*** Block opens ***
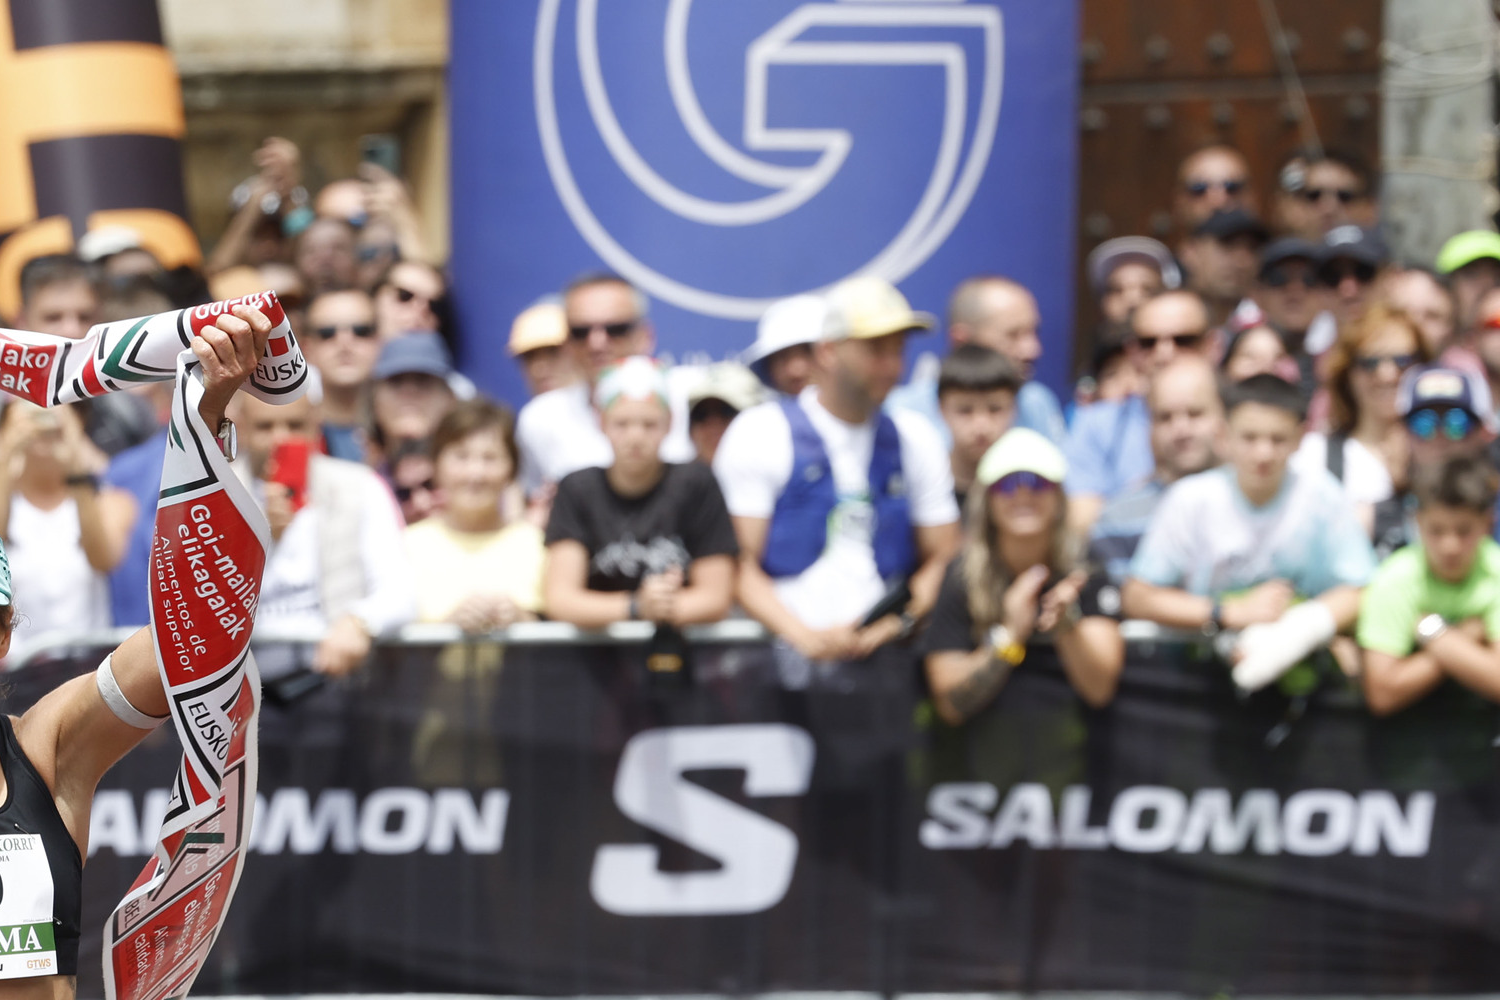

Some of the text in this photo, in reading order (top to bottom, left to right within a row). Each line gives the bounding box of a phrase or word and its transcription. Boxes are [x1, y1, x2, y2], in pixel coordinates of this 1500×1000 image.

[153, 525, 194, 673] calidad superior
[161, 536, 206, 656] Alimentos de
[178, 523, 246, 640] elikagaiak
[918, 781, 1436, 857] SALOMON
[27, 959, 51, 969] GTWS
*** Block closes ***
■ Activity: Your answer must be an exact transcription of every entry, minus the pictures.

■ Response below:
Some of the text in this photo, in reading order (top to bottom, left to right within a row). Each line gives the bounding box of a phrase or word and its transcription. Boxes are [x1, y1, x2, y2], in pixel coordinates of this 1500×1000 image.

[153, 525, 194, 673] calidad superior
[161, 536, 206, 656] Alimentos de
[178, 523, 246, 640] elikagaiak
[918, 781, 1436, 857] SALOMON
[27, 959, 51, 969] GTWS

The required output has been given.